Victoria Stavridou-Coleman is currently serving as the 37th chief scientist of the United States Air Force. She took her oath of office on April 6, 2021, administered by the chief of staff of the United States Air Force, Gen. Charles Q. Brown Jr.

She served as the 22nd director of the Defense Advanced Research Projects Agency (DARPA); the third woman to hold such a position since the agency's inception in 1958. She was appointed on August 31, 2020, and took her oath of office on September 24, 2020, administered by the under secretary of defense for research and engineering, Michael Kratsios. Her last day at the agency was January 20, 2021.

== Career ==
She has acted as a senior advisor to the director of the Center for Information Technology Research in the Interest of Society (CITRIS) at UC Berkeley. In the past, she held the position of CEO in Atlas AI, which is a public benefit corporation bringing AI to sustainable development. Prior to Atlas AI she served as the CTO of the Wikimedia Foundation, and had the responsibility for the technology infrastructure of Wikipedia. She has also acted as a senior vice president at Technicolor where she served as CTO of its Connected Home division. Prior to Technicolor she served as Senior Vice President R&D for Harman's Infotainment division. At Yahoo! as Vice President of Engineering, she had the responsibility for membership services, presentation layer technologies, and developer relations. At Nokia as the Vice President of the Emerging Platforms she led a multi-disciplinary team with the aim of creating strategic products, which included the Nokia Z Launcher and the Nokia X line of smartphones. As the Vice President of Software Engineering at HP Palm GBU she led the webOS Platform team and built the HP TouchPad. As the vice president with Samsung's Advanced Institute of Technology in charge of the Computer Science Laboratory (San Jose, CA) she initiated the development of Tizen and the Samsung Knox line for smartphones. She was previously Intel's Director for Security Initiatives and the Director of the Trust and Manageability Laboratory in Intel's Corporate Technology Group.

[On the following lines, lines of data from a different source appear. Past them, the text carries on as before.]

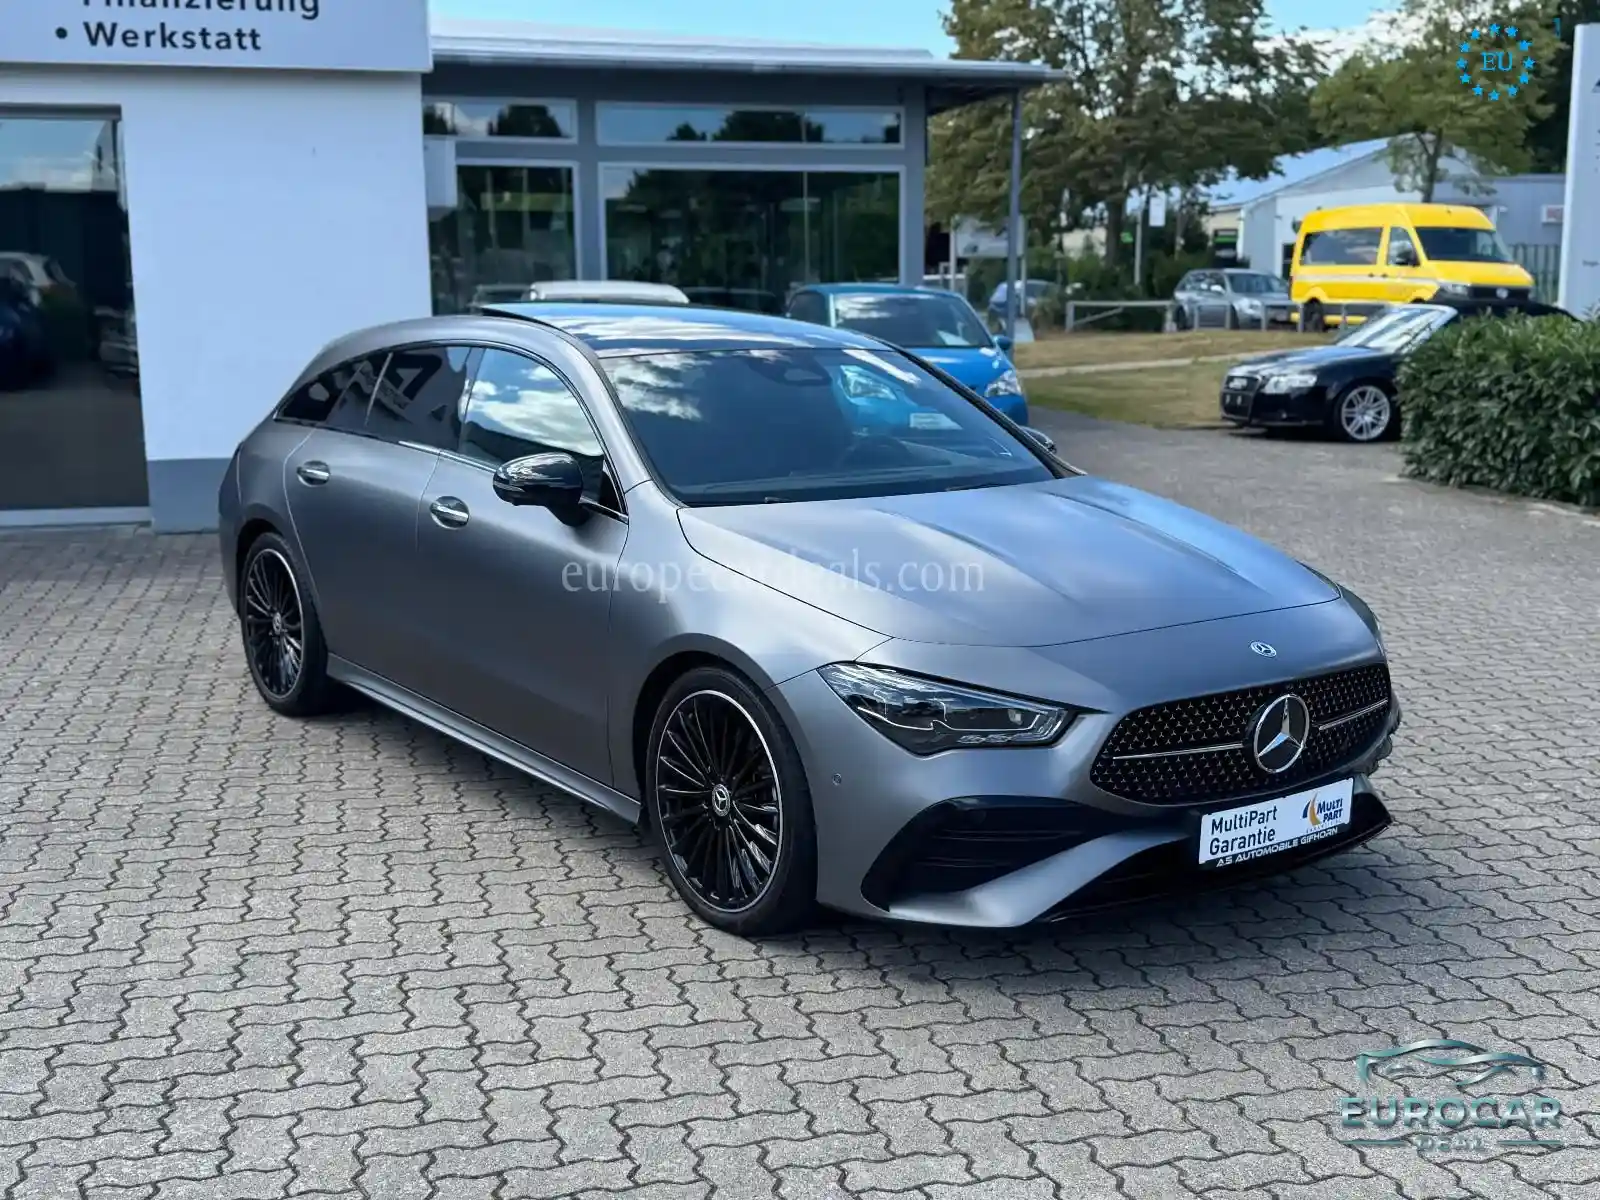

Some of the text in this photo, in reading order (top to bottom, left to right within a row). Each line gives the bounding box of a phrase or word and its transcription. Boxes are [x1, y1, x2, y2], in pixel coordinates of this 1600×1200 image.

[83, 0, 319, 20] zerung
[83, 21, 261, 50] Werkstatt
[1211, 805, 1278, 835] MultiPart
[1316, 798, 1343, 815] MULTI
[1323, 808, 1343, 822] PART
[1209, 826, 1276, 855] Garantie
[1235, 837, 1298, 863] AUTOMOBILE
[1300, 826, 1338, 845] GIFHORN
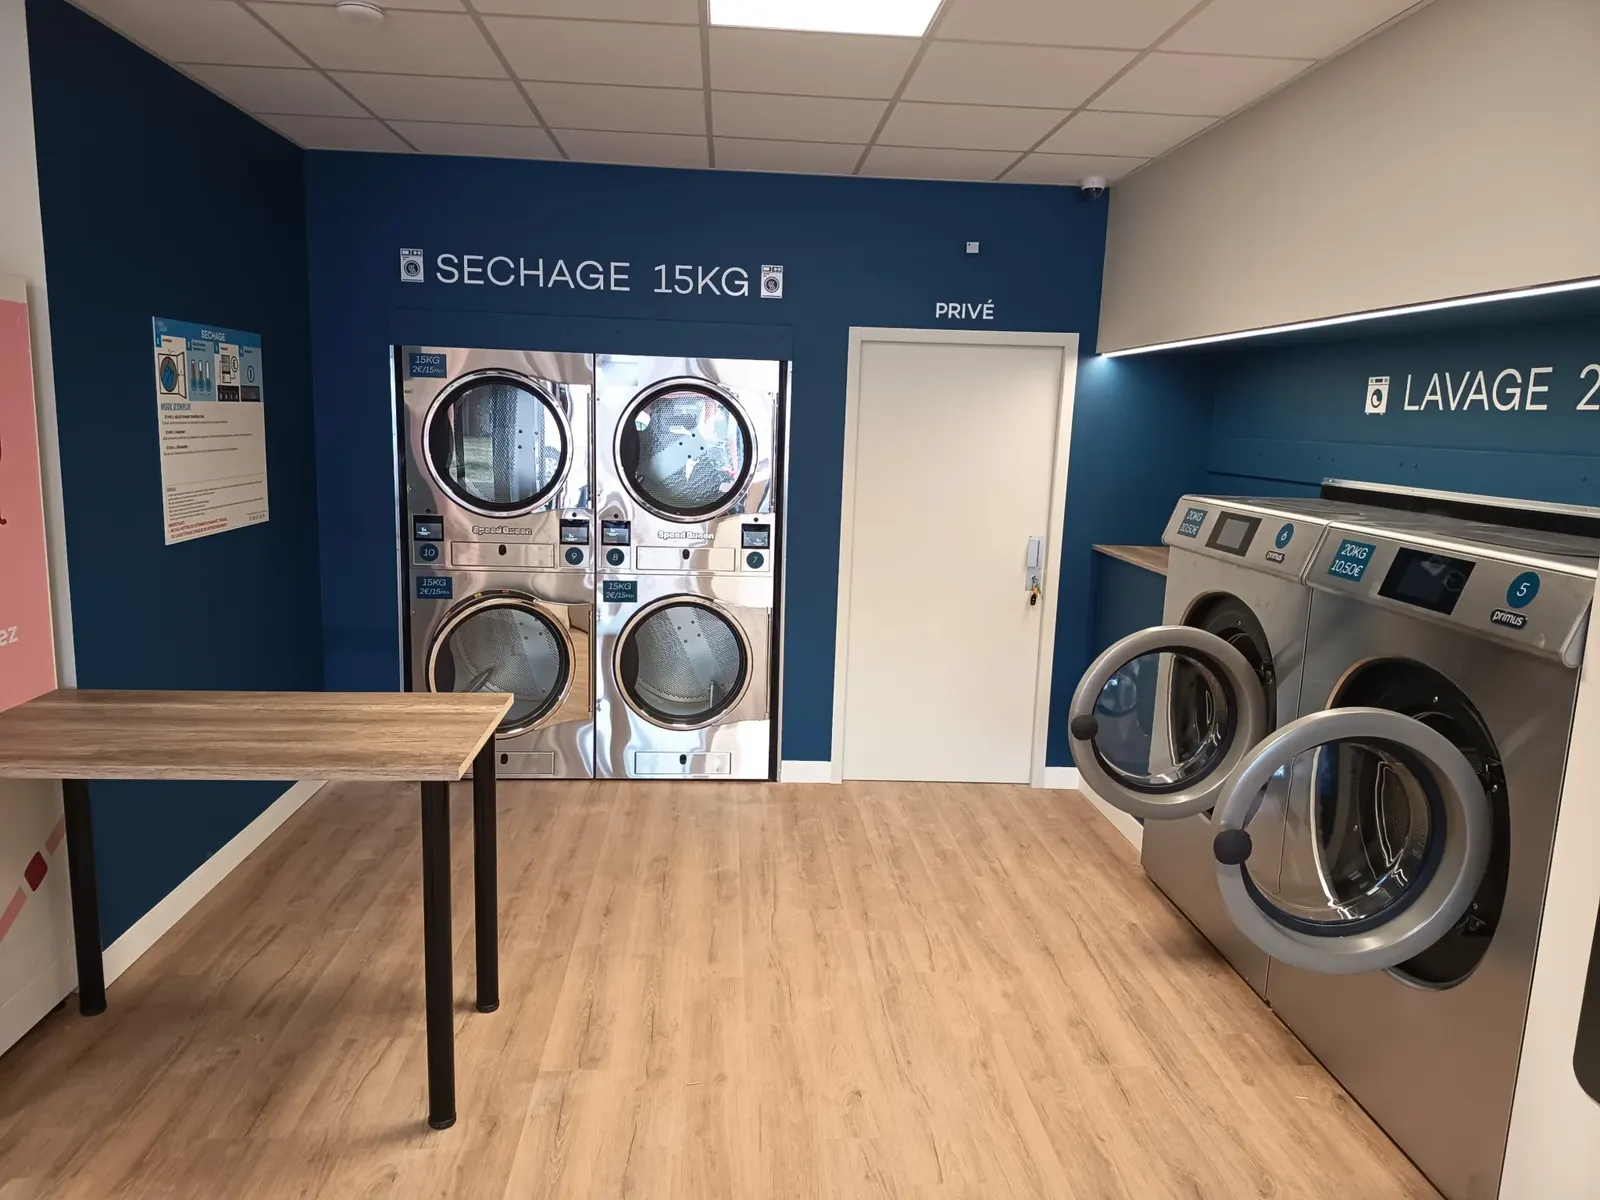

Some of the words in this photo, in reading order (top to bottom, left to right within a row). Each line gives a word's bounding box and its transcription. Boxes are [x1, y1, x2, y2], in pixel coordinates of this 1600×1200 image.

[436, 253, 631, 292] SECHAGE
[653, 264, 749, 297] 15KG
[935, 299, 995, 320] PRIVÉ
[415, 355, 441, 364] 15KG
[1403, 366, 1553, 412] LAVAGE
[657, 530, 687, 541] Speed
[686, 530, 716, 541] Queen
[1280, 530, 1289, 541] 6
[423, 548, 436, 557] 10
[571, 552, 578, 560] 9
[1341, 543, 1369, 559] 20KG
[612, 553, 619, 561] 8
[752, 556, 759, 564] 7
[1330, 559, 1364, 577] 10,50€
[422, 578, 447, 587] 15KG
[608, 582, 632, 590] 15KG
[1516, 582, 1531, 597] 5
[1492, 610, 1524, 627] primus
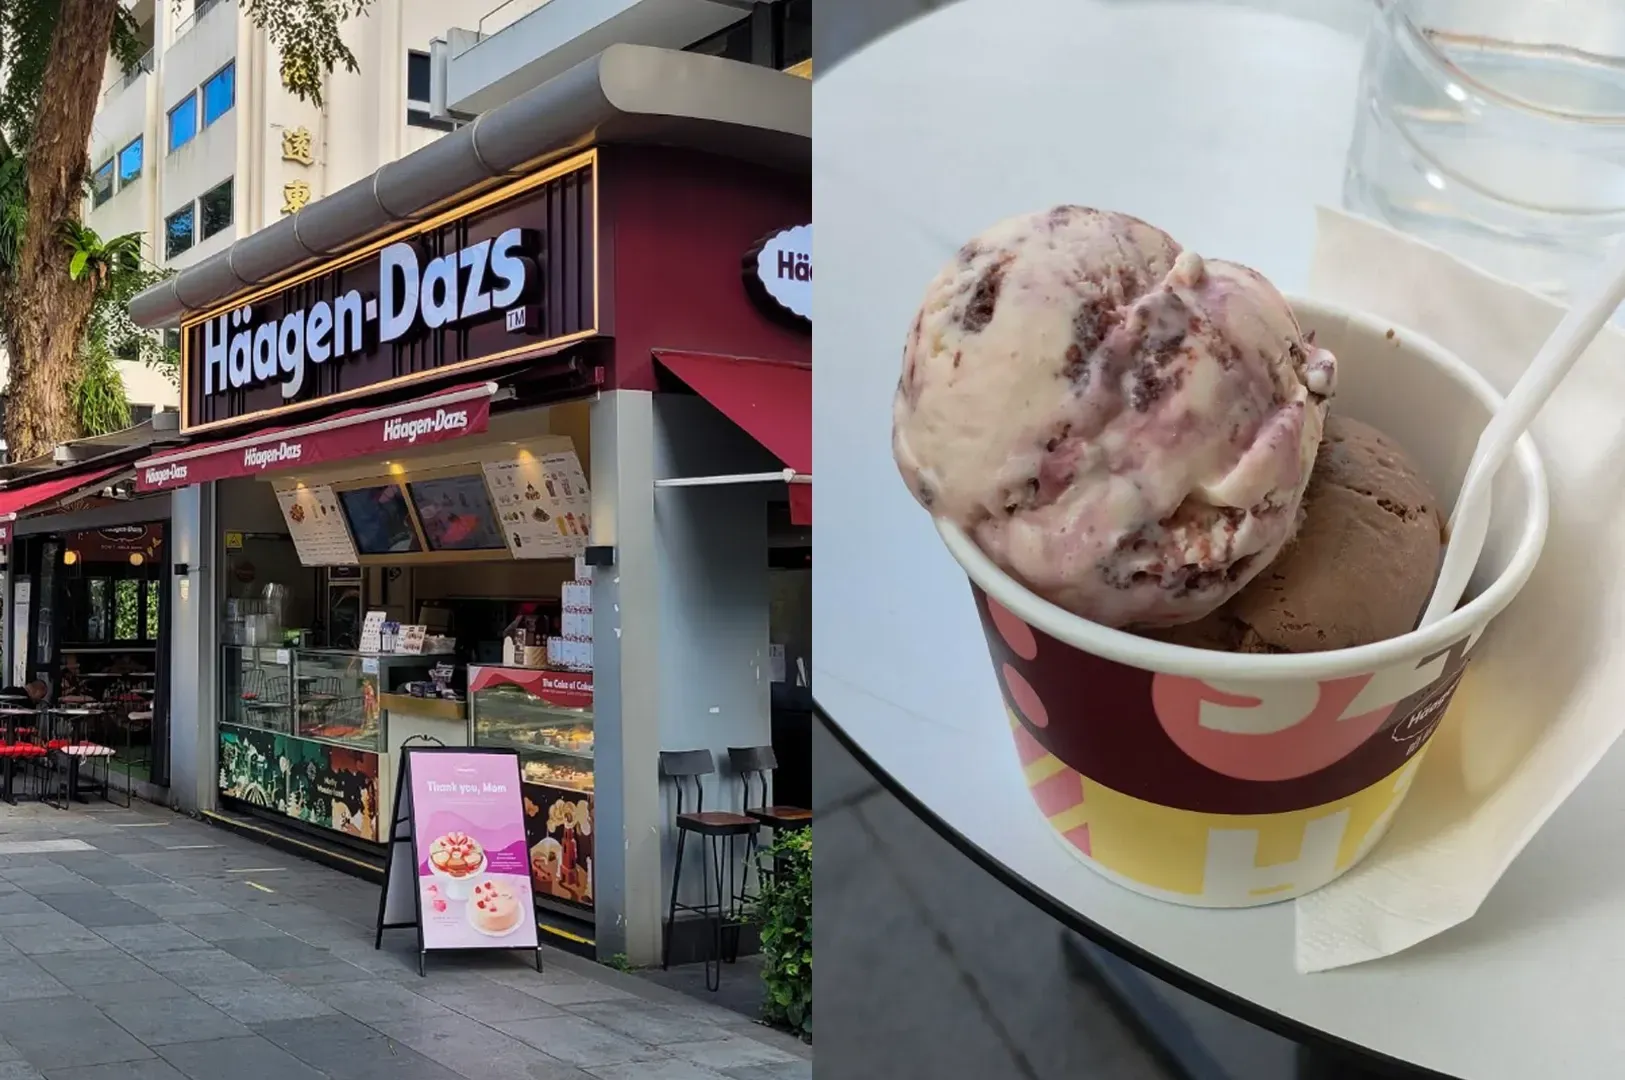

She joined SRI International in 1998, after 10 years as a tenured professor in the University of London. She became the founding Director of SRI's System Design Laboratory in 1999. She is also a former Defense Science Board member, the founding Chair of DARPA's Microsystems Exploratory Council, and an adviser to companies; including Lockheed Martin and Airbus.

== Early life ==
Coleman was born in Greece. She received a B.Sc. in Electronic Computer Systems and an M.Sc. in Computer-Aided Logic Design from the University of Salford, and a Ph.D. in computer science from the University of Manchester. She holds four patents and is the author of more than 60 articles and books.